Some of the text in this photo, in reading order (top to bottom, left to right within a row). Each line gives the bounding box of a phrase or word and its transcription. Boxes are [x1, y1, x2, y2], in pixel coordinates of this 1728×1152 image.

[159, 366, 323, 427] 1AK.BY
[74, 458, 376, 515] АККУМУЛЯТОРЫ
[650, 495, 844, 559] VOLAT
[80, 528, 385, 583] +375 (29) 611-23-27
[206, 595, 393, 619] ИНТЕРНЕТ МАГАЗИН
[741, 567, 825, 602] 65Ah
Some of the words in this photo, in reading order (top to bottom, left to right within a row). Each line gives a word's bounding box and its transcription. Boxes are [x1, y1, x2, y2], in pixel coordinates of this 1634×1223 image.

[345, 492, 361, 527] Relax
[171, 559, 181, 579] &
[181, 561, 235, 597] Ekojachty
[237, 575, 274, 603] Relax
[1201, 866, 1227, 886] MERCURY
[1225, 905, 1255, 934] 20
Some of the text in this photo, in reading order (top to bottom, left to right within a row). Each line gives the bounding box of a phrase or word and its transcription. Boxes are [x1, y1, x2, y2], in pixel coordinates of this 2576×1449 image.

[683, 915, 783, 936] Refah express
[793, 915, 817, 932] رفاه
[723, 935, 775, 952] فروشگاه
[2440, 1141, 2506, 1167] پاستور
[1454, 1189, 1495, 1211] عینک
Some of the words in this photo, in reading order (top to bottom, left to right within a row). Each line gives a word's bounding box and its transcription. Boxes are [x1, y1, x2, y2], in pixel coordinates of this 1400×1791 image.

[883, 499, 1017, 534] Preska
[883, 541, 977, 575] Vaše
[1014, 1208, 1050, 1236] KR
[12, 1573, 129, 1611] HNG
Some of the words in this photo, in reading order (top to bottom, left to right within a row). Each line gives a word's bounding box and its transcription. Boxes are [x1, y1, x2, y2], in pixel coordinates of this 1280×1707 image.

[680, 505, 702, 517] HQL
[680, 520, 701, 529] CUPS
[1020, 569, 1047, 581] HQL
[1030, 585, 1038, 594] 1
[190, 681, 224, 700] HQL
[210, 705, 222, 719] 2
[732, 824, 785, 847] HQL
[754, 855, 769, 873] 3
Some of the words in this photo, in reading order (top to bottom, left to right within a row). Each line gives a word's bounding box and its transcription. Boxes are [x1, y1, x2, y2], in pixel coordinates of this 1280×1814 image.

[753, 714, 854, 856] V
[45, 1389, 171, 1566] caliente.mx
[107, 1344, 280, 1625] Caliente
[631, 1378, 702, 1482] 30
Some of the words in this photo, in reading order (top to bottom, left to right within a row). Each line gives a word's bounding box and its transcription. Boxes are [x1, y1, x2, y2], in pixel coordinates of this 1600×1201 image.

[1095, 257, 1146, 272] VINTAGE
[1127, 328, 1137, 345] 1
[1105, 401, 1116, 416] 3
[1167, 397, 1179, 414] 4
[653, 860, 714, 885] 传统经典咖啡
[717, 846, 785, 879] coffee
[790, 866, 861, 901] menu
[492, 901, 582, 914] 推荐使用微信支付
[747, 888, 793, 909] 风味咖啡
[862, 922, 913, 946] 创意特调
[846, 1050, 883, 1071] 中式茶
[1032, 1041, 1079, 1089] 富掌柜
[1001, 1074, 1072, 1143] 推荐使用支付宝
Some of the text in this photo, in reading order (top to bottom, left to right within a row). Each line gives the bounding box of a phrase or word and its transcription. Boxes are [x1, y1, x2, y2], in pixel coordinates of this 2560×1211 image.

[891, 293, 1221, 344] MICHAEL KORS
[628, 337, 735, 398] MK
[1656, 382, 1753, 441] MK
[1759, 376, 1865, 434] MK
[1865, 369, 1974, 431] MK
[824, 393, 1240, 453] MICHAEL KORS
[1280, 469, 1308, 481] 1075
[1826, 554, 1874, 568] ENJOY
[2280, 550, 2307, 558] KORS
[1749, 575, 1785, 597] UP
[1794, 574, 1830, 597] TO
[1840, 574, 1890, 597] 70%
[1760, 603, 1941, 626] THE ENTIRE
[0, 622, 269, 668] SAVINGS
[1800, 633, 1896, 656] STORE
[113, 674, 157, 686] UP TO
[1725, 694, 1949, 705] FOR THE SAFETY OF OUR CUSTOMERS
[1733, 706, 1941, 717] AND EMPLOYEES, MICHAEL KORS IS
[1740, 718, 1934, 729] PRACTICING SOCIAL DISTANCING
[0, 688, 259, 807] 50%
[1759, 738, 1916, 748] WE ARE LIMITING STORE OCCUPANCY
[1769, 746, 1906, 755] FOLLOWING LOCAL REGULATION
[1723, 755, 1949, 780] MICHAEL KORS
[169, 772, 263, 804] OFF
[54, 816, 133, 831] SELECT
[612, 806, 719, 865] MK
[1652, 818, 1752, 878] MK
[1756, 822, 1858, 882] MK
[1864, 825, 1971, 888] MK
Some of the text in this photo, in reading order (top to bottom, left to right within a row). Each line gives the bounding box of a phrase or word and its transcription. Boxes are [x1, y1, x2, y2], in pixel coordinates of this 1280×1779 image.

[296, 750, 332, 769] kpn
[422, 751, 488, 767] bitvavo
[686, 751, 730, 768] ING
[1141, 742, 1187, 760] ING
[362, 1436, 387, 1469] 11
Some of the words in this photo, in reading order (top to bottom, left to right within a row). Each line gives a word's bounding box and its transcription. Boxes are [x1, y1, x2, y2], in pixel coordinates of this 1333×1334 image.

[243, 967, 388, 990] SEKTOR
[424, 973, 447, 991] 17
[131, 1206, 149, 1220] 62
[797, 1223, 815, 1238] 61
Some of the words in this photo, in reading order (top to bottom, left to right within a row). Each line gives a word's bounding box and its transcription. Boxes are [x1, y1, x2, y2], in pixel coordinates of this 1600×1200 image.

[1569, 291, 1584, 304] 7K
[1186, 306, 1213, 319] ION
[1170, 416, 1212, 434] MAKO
* * * * * * *
Each line of the material above must be reproduced exactly.

**EXERCISE SOLUTION:**
Some of the text in this photo, in reading order (top to bottom, left to right within a row). Each line gives the bounding box of a phrase or word and its transcription. Boxes are [x1, y1, x2, y2], in pixel coordinates of this 1728×1152 image.

[159, 366, 323, 427] 1AK.BY
[74, 458, 376, 515] АККУМУЛЯТОРЫ
[650, 495, 844, 559] VOLAT
[80, 528, 385, 583] +375 (29) 611-23-27
[206, 595, 393, 619] ИНТЕРНЕТ МАГАЗИН
[741, 567, 825, 602] 65Ah
Some of the words in this photo, in reading order (top to bottom, left to right within a row). Each line gives a word's bounding box and its transcription. Boxes are [x1, y1, x2, y2], in pixel coordinates of this 1634×1223 image.

[345, 492, 361, 527] Relax
[171, 559, 181, 579] &
[181, 561, 235, 597] Ekojachty
[237, 575, 274, 603] Relax
[1201, 866, 1227, 886] MERCURY
[1225, 905, 1255, 934] 20
Some of the text in this photo, in reading order (top to bottom, left to right within a row). Each line gives the bounding box of a phrase or word and its transcription. Boxes are [x1, y1, x2, y2], in pixel coordinates of this 2576×1449 image.

[683, 915, 783, 936] Refah express
[793, 915, 817, 932] رفاه
[723, 935, 775, 952] فروشگاه
[2440, 1141, 2506, 1167] پاستور
[1454, 1189, 1495, 1211] عینک
Some of the words in this photo, in reading order (top to bottom, left to right within a row). Each line gives a word's bounding box and its transcription. Boxes are [x1, y1, x2, y2], in pixel coordinates of this 1400×1791 image.

[883, 499, 1017, 534] Preska
[883, 541, 977, 575] Vaše
[1014, 1208, 1050, 1236] KR
[12, 1573, 129, 1611] HNG
Some of the words in this photo, in reading order (top to bottom, left to right within a row). Each line gives a word's bounding box and its transcription. Boxes are [x1, y1, x2, y2], in pixel coordinates of this 1280×1707 image.

[680, 505, 702, 517] HQL
[680, 520, 701, 529] CUPS
[1020, 569, 1047, 581] HQL
[1030, 585, 1038, 594] 1
[190, 681, 224, 700] HQL
[210, 705, 222, 719] 2
[732, 824, 785, 847] HQL
[754, 855, 769, 873] 3
Some of the words in this photo, in reading order (top to bottom, left to right within a row). Each line gives a word's bounding box and its transcription. Boxes are [x1, y1, x2, y2], in pixel coordinates of this 1280×1814 image.

[753, 714, 854, 856] V
[45, 1389, 171, 1566] caliente.mx
[107, 1344, 280, 1625] Caliente
[631, 1378, 702, 1482] 30
Some of the words in this photo, in reading order (top to bottom, left to right within a row). Each line gives a word's bounding box and its transcription. Boxes are [x1, y1, x2, y2], in pixel coordinates of this 1600×1201 image.

[1095, 257, 1146, 272] VINTAGE
[1127, 328, 1137, 345] 1
[1105, 401, 1116, 416] 3
[1167, 397, 1179, 414] 4
[653, 860, 714, 885] 传统经典咖啡
[717, 846, 785, 879] coffee
[790, 866, 861, 901] menu
[492, 901, 582, 914] 推荐使用微信支付
[747, 888, 793, 909] 风味咖啡
[862, 922, 913, 946] 创意特调
[846, 1050, 883, 1071] 中式茶
[1032, 1041, 1079, 1089] 富掌柜
[1001, 1074, 1072, 1143] 推荐使用支付宝
Some of the text in this photo, in reading order (top to bottom, left to right within a row). Each line gives the bounding box of a phrase or word and its transcription. Boxes are [x1, y1, x2, y2], in pixel coordinates of this 2560×1211 image.

[891, 293, 1221, 344] MICHAEL KORS
[628, 337, 735, 398] MK
[1656, 382, 1753, 441] MK
[1759, 376, 1865, 434] MK
[1865, 369, 1974, 431] MK
[824, 393, 1240, 453] MICHAEL KORS
[1280, 469, 1308, 481] 1075
[1826, 554, 1874, 568] ENJOY
[2280, 550, 2307, 558] KORS
[1749, 575, 1785, 597] UP
[1794, 574, 1830, 597] TO
[1840, 574, 1890, 597] 70%
[1760, 603, 1941, 626] THE ENTIRE
[0, 622, 269, 668] SAVINGS
[1800, 633, 1896, 656] STORE
[113, 674, 157, 686] UP TO
[1725, 694, 1949, 705] FOR THE SAFETY OF OUR CUSTOMERS
[1733, 706, 1941, 717] AND EMPLOYEES, MICHAEL KORS IS
[1740, 718, 1934, 729] PRACTICING SOCIAL DISTANCING
[0, 688, 259, 807] 50%
[1759, 738, 1916, 748] WE ARE LIMITING STORE OCCUPANCY
[1769, 746, 1906, 755] FOLLOWING LOCAL REGULATION
[1723, 755, 1949, 780] MICHAEL KORS
[169, 772, 263, 804] OFF
[54, 816, 133, 831] SELECT
[612, 806, 719, 865] MK
[1652, 818, 1752, 878] MK
[1756, 822, 1858, 882] MK
[1864, 825, 1971, 888] MK
Some of the text in this photo, in reading order (top to bottom, left to right within a row). Each line gives the bounding box of a phrase or word and its transcription. Boxes are [x1, y1, x2, y2], in pixel coordinates of this 1280×1779 image.

[296, 750, 332, 769] kpn
[422, 751, 488, 767] bitvavo
[686, 751, 730, 768] ING
[1141, 742, 1187, 760] ING
[362, 1436, 387, 1469] 11
Some of the words in this photo, in reading order (top to bottom, left to right within a row). Each line gives a word's bounding box and its transcription. Boxes are [x1, y1, x2, y2], in pixel coordinates of this 1333×1334 image.

[243, 967, 388, 990] SEKTOR
[424, 973, 447, 991] 17
[131, 1206, 149, 1220] 62
[797, 1223, 815, 1238] 61
Some of the words in this photo, in reading order (top to bottom, left to right within a row). Each line gives a word's bounding box and its transcription. Boxes are [x1, y1, x2, y2], in pixel coordinates of this 1600×1200 image.

[1569, 291, 1584, 304] 7K
[1186, 306, 1213, 319] ION
[1170, 416, 1212, 434] MAKO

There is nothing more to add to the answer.